▸ **BRIEF**:
Return the entries that follow exactly, with no images.

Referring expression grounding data

╭──

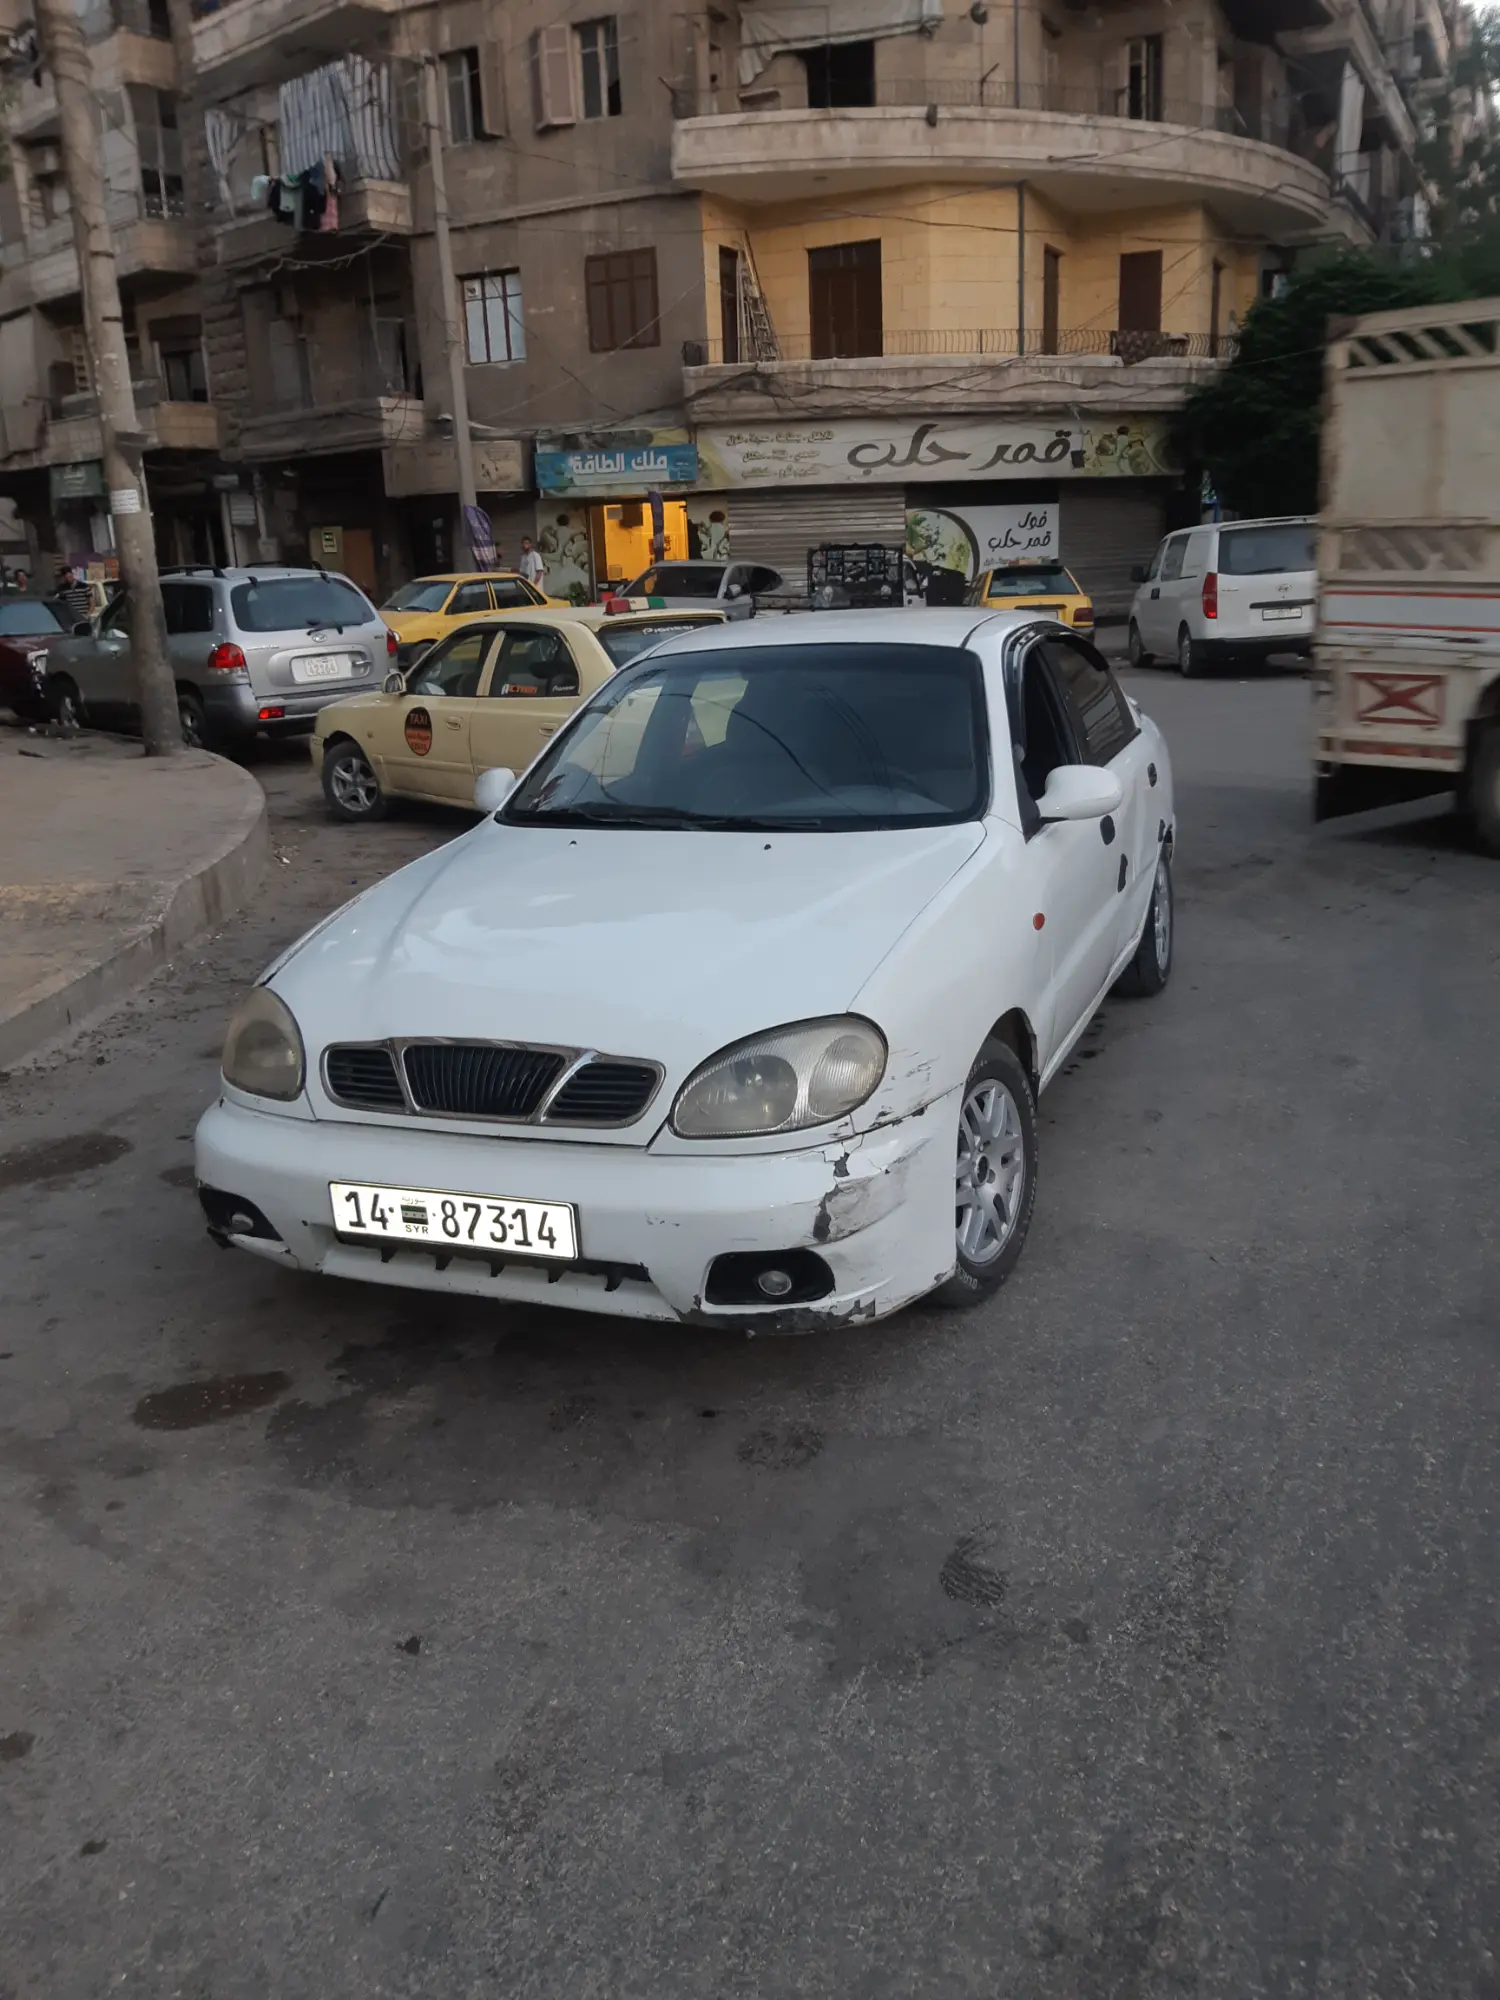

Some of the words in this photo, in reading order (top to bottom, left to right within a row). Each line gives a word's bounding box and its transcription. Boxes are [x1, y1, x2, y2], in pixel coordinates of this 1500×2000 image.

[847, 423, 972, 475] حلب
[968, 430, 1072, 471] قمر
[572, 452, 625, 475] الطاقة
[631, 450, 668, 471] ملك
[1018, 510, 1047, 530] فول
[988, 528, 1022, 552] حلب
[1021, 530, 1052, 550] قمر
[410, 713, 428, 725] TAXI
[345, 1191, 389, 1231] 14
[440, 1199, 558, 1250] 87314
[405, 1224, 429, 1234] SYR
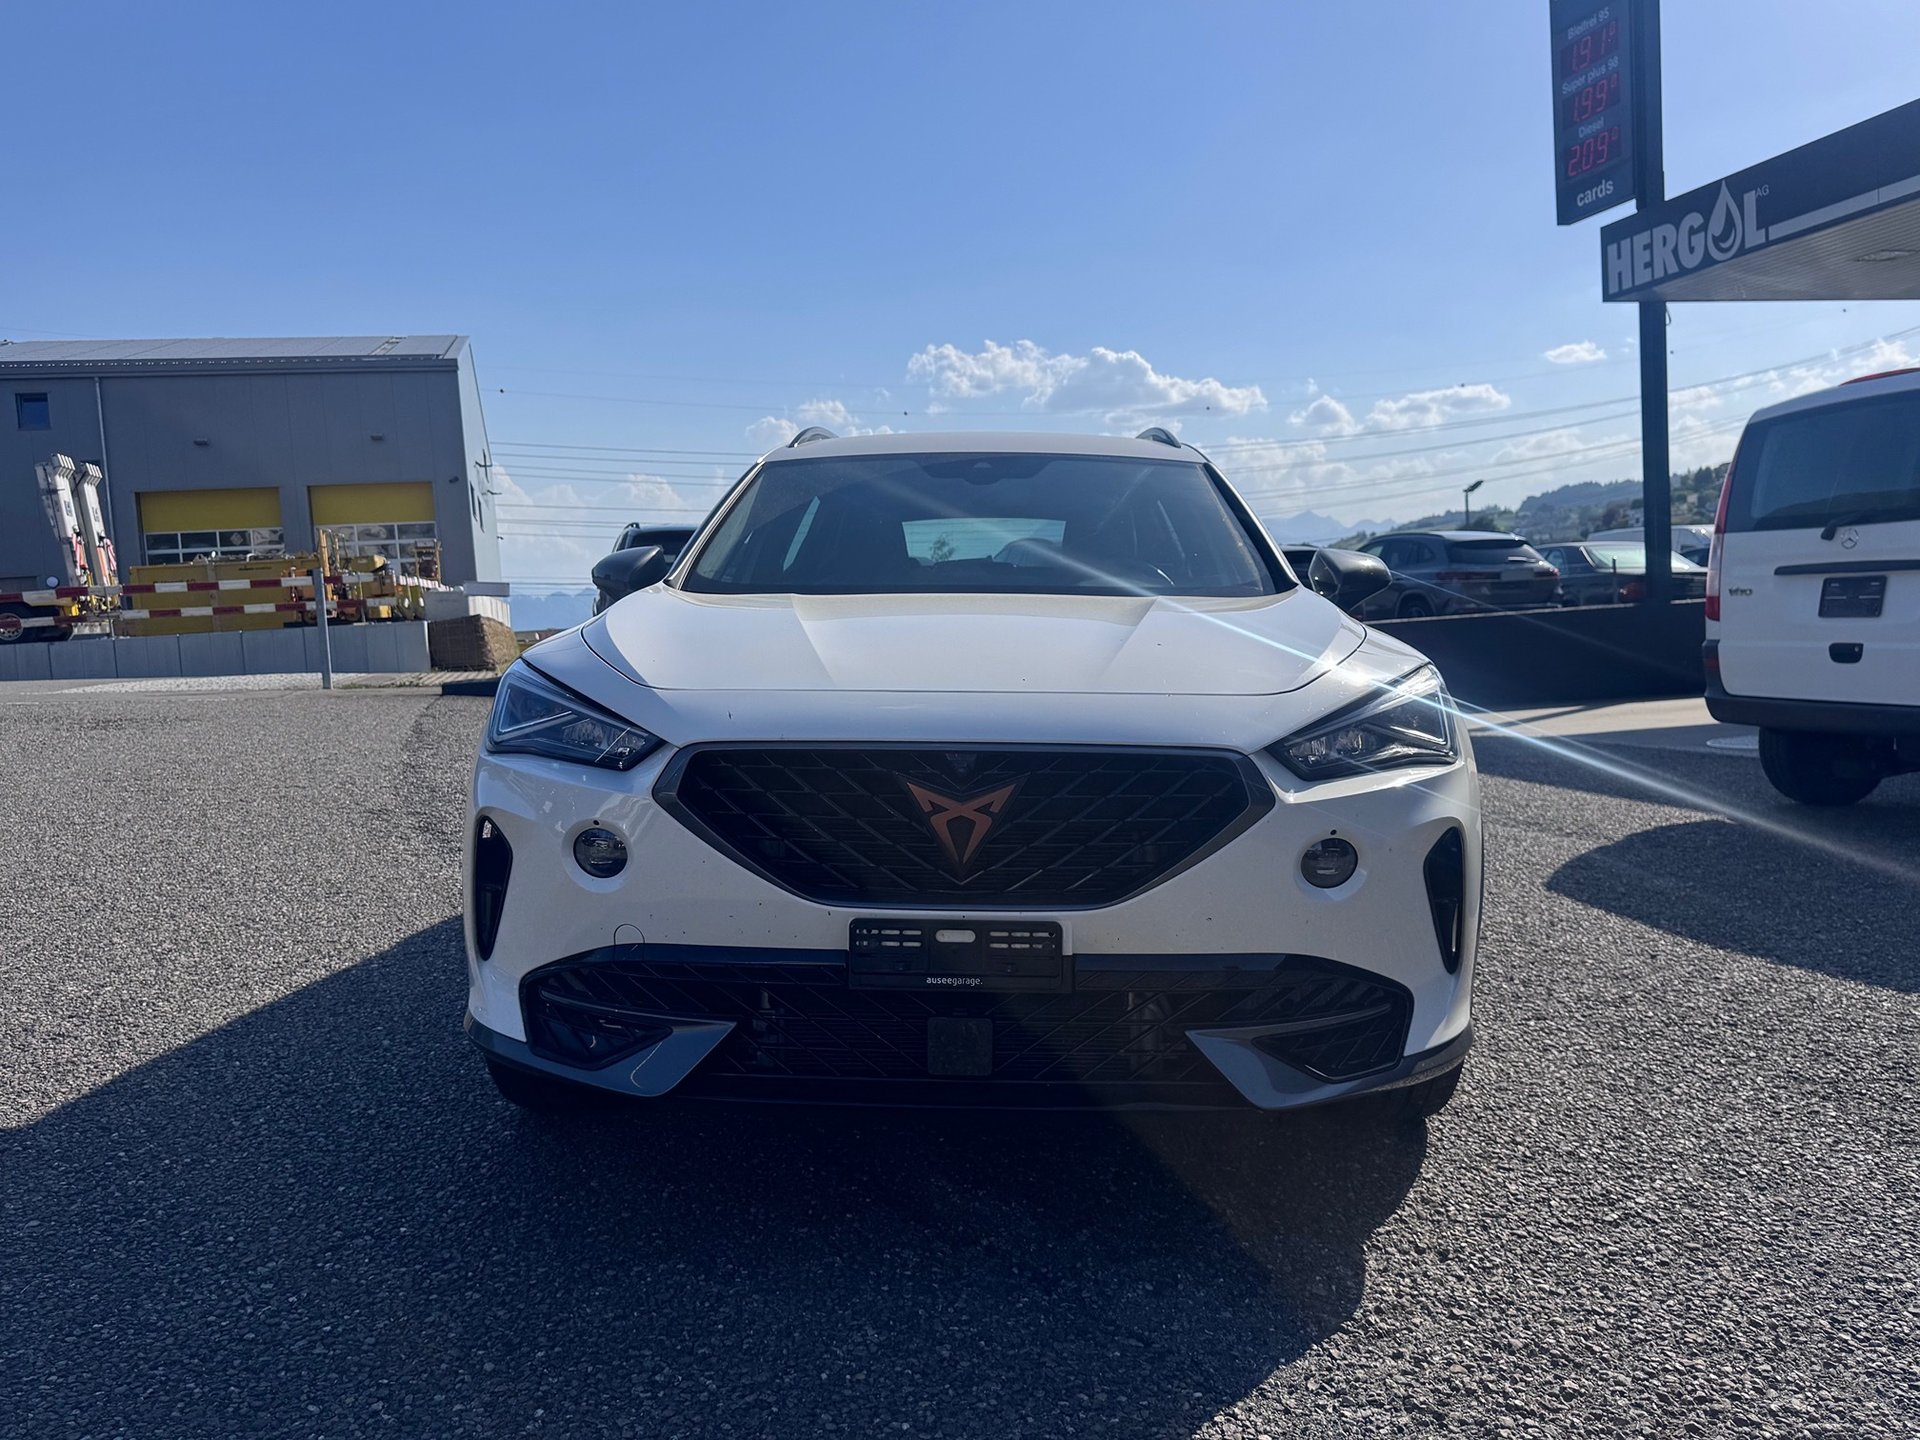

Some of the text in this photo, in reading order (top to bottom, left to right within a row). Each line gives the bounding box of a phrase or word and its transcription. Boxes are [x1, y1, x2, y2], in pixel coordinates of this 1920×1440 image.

╰──

▸ **FINAL ANSWER**:
Some of the words in this photo, in reading order (top to bottom, left to right within a row). Each line gives a word's bounding box and its transcription. Boxes are [x1, y1, x2, y2], in pixel coordinates of this 1500×2000 image.

[847, 423, 972, 475] حلب
[968, 430, 1072, 471] قمر
[572, 452, 625, 475] الطاقة
[631, 450, 668, 471] ملك
[1018, 510, 1047, 530] فول
[988, 528, 1022, 552] حلب
[1021, 530, 1052, 550] قمر
[410, 713, 428, 725] TAXI
[345, 1191, 389, 1231] 14
[440, 1199, 558, 1250] 87314
[405, 1224, 429, 1234] SYR

Some of the text in this photo, in reading order (top to bottom, left to right within a row). Each line gives the bounding box of a phrase or word and its transcription. Boxes are [x1, y1, x2, y2], in pixel coordinates of this 1920×1440 image.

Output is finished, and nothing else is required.